■ Problem to solve:
Omit every image, and transcribe the remaining entries exactly as given.

START Source information

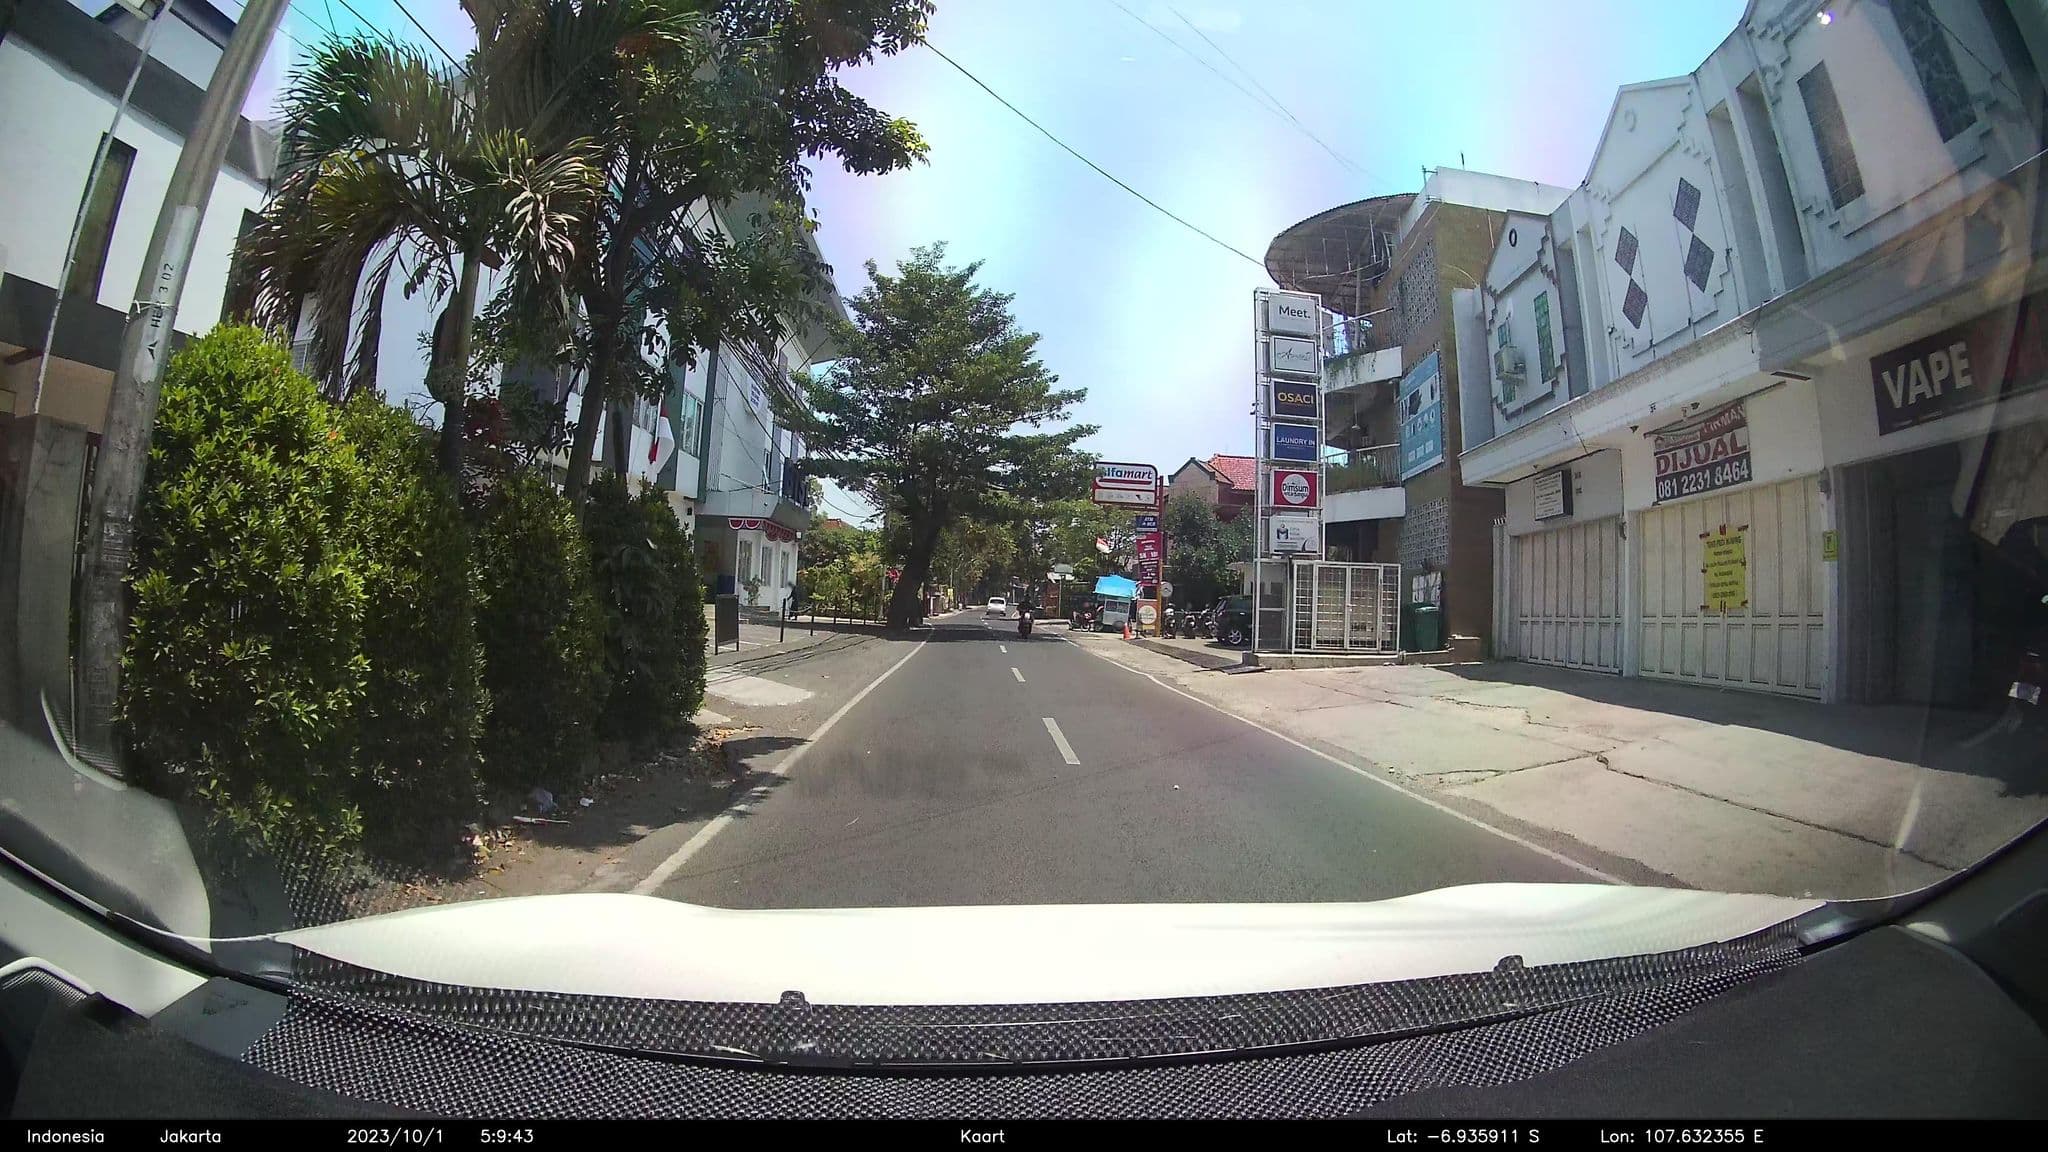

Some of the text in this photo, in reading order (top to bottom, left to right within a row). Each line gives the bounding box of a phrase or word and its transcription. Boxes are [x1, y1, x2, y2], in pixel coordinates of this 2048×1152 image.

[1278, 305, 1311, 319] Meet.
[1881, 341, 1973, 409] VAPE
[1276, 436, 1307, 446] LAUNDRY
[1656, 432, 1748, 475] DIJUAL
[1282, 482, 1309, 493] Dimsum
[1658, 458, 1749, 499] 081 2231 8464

END Source information

■ Problem solution:
Some of the text in this photo, in reading order (top to bottom, left to right within a row). Each line gives the bounding box of a phrase or word and its transcription. Boxes are [x1, y1, x2, y2], in pixel coordinates of this 2048×1152 image.

[1278, 305, 1311, 319] Meet.
[1881, 341, 1973, 409] VAPE
[1276, 436, 1307, 446] LAUNDRY
[1656, 432, 1748, 475] DIJUAL
[1282, 482, 1309, 493] Dimsum
[1658, 458, 1749, 499] 081 2231 8464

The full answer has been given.